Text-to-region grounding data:
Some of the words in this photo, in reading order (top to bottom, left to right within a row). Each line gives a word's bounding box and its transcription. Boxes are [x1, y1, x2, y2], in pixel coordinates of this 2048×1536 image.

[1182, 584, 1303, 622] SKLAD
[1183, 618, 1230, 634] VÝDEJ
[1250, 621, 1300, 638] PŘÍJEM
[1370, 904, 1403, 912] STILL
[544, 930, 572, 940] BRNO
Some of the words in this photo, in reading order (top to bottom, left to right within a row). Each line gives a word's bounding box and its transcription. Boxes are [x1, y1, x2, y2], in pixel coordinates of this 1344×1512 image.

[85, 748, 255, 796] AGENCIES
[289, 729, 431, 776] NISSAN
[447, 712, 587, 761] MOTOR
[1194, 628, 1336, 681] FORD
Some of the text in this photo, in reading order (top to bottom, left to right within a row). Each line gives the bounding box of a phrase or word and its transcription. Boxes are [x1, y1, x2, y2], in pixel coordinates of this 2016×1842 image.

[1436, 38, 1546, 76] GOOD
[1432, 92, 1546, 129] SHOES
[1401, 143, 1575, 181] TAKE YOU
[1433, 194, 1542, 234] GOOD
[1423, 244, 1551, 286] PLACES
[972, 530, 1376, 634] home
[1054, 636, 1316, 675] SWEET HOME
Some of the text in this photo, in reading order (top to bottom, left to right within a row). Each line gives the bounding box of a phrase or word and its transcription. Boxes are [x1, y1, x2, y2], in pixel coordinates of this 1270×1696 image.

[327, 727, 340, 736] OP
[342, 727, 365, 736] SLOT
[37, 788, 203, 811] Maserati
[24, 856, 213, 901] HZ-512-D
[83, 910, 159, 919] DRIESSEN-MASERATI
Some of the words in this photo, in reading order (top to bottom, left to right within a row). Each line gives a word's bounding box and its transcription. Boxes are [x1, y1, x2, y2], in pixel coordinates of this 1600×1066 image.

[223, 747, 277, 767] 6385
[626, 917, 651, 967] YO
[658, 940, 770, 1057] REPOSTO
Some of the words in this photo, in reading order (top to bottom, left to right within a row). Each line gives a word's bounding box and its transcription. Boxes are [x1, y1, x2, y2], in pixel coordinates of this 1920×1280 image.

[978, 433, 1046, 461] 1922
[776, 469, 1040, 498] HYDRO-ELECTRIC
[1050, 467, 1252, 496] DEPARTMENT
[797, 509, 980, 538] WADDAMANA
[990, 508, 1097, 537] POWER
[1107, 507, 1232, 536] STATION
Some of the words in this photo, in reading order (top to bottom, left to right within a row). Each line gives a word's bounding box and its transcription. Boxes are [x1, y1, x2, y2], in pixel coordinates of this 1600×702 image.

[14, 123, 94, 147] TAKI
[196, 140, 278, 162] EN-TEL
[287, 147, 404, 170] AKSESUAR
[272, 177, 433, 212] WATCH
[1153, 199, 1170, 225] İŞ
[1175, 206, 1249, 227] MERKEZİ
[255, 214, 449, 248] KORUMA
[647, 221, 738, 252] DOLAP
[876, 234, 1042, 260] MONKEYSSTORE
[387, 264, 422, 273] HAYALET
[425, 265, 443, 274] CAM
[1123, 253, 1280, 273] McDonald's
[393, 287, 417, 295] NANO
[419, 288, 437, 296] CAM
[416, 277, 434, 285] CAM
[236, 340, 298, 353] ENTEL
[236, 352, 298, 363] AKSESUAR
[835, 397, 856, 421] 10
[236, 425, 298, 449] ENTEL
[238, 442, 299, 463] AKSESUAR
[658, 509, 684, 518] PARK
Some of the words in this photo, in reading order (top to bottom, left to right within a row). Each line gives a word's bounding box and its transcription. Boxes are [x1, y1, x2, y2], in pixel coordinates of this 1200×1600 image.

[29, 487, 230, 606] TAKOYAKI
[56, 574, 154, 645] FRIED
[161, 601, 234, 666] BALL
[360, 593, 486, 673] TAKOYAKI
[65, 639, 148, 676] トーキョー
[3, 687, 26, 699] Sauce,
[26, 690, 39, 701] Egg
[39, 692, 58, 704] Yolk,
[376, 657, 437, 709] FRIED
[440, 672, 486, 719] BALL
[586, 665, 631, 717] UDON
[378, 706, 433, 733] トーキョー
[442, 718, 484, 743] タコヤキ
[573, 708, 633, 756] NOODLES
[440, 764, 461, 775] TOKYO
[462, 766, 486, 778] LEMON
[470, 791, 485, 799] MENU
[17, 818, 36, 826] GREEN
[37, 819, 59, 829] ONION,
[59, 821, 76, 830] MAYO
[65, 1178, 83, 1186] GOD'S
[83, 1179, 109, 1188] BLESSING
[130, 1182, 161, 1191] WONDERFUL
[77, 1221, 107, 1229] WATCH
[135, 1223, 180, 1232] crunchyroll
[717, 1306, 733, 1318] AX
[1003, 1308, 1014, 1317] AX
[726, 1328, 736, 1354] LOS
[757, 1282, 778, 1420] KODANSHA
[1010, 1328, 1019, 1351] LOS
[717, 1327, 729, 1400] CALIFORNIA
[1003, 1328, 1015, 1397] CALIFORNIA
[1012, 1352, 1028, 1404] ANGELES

▸ INSTRUCTIONS TO FOLLOW: Give back all the records above exactly. Keep every word.

▸ WORKED SOLUTION:
Some of the words in this photo, in reading order (top to bottom, left to right within a row). Each line gives a word's bounding box and its transcription. Boxes are [x1, y1, x2, y2], in pixel coordinates of this 2048×1536 image.

[1182, 584, 1303, 622] SKLAD
[1183, 618, 1230, 634] VÝDEJ
[1250, 621, 1300, 638] PŘÍJEM
[1370, 904, 1403, 912] STILL
[544, 930, 572, 940] BRNO
Some of the words in this photo, in reading order (top to bottom, left to right within a row). Each line gives a word's bounding box and its transcription. Boxes are [x1, y1, x2, y2], in pixel coordinates of this 1344×1512 image.

[85, 748, 255, 796] AGENCIES
[289, 729, 431, 776] NISSAN
[447, 712, 587, 761] MOTOR
[1194, 628, 1336, 681] FORD
Some of the text in this photo, in reading order (top to bottom, left to right within a row). Each line gives the bounding box of a phrase or word and its transcription. Boxes are [x1, y1, x2, y2], in pixel coordinates of this 2016×1842 image.

[1436, 38, 1546, 76] GOOD
[1432, 92, 1546, 129] SHOES
[1401, 143, 1575, 181] TAKE YOU
[1433, 194, 1542, 234] GOOD
[1423, 244, 1551, 286] PLACES
[972, 530, 1376, 634] home
[1054, 636, 1316, 675] SWEET HOME
Some of the text in this photo, in reading order (top to bottom, left to right within a row). Each line gives the bounding box of a phrase or word and its transcription. Boxes are [x1, y1, x2, y2], in pixel coordinates of this 1270×1696 image.

[327, 727, 340, 736] OP
[342, 727, 365, 736] SLOT
[37, 788, 203, 811] Maserati
[24, 856, 213, 901] HZ-512-D
[83, 910, 159, 919] DRIESSEN-MASERATI
Some of the words in this photo, in reading order (top to bottom, left to right within a row). Each line gives a word's bounding box and its transcription. Boxes are [x1, y1, x2, y2], in pixel coordinates of this 1600×1066 image.

[223, 747, 277, 767] 6385
[626, 917, 651, 967] YO
[658, 940, 770, 1057] REPOSTO
Some of the words in this photo, in reading order (top to bottom, left to right within a row). Each line gives a word's bounding box and its transcription. Boxes are [x1, y1, x2, y2], in pixel coordinates of this 1920×1280 image.

[978, 433, 1046, 461] 1922
[776, 469, 1040, 498] HYDRO-ELECTRIC
[1050, 467, 1252, 496] DEPARTMENT
[797, 509, 980, 538] WADDAMANA
[990, 508, 1097, 537] POWER
[1107, 507, 1232, 536] STATION
Some of the words in this photo, in reading order (top to bottom, left to right within a row). Each line gives a word's bounding box and its transcription. Boxes are [x1, y1, x2, y2], in pixel coordinates of this 1600×702 image.

[14, 123, 94, 147] TAKI
[196, 140, 278, 162] EN-TEL
[287, 147, 404, 170] AKSESUAR
[272, 177, 433, 212] WATCH
[1153, 199, 1170, 225] İŞ
[1175, 206, 1249, 227] MERKEZİ
[255, 214, 449, 248] KORUMA
[647, 221, 738, 252] DOLAP
[876, 234, 1042, 260] MONKEYSSTORE
[387, 264, 422, 273] HAYALET
[425, 265, 443, 274] CAM
[1123, 253, 1280, 273] McDonald's
[393, 287, 417, 295] NANO
[419, 288, 437, 296] CAM
[416, 277, 434, 285] CAM
[236, 340, 298, 353] ENTEL
[236, 352, 298, 363] AKSESUAR
[835, 397, 856, 421] 10
[236, 425, 298, 449] ENTEL
[238, 442, 299, 463] AKSESUAR
[658, 509, 684, 518] PARK
Some of the words in this photo, in reading order (top to bottom, left to right within a row). Each line gives a word's bounding box and its transcription. Boxes are [x1, y1, x2, y2], in pixel coordinates of this 1200×1600 image.

[29, 487, 230, 606] TAKOYAKI
[56, 574, 154, 645] FRIED
[161, 601, 234, 666] BALL
[360, 593, 486, 673] TAKOYAKI
[65, 639, 148, 676] トーキョー
[3, 687, 26, 699] Sauce,
[26, 690, 39, 701] Egg
[39, 692, 58, 704] Yolk,
[376, 657, 437, 709] FRIED
[440, 672, 486, 719] BALL
[586, 665, 631, 717] UDON
[378, 706, 433, 733] トーキョー
[442, 718, 484, 743] タコヤキ
[573, 708, 633, 756] NOODLES
[440, 764, 461, 775] TOKYO
[462, 766, 486, 778] LEMON
[470, 791, 485, 799] MENU
[17, 818, 36, 826] GREEN
[37, 819, 59, 829] ONION,
[59, 821, 76, 830] MAYO
[65, 1178, 83, 1186] GOD'S
[83, 1179, 109, 1188] BLESSING
[130, 1182, 161, 1191] WONDERFUL
[77, 1221, 107, 1229] WATCH
[135, 1223, 180, 1232] crunchyroll
[717, 1306, 733, 1318] AX
[1003, 1308, 1014, 1317] AX
[726, 1328, 736, 1354] LOS
[757, 1282, 778, 1420] KODANSHA
[1010, 1328, 1019, 1351] LOS
[717, 1327, 729, 1400] CALIFORNIA
[1003, 1328, 1015, 1397] CALIFORNIA
[1012, 1352, 1028, 1404] ANGELES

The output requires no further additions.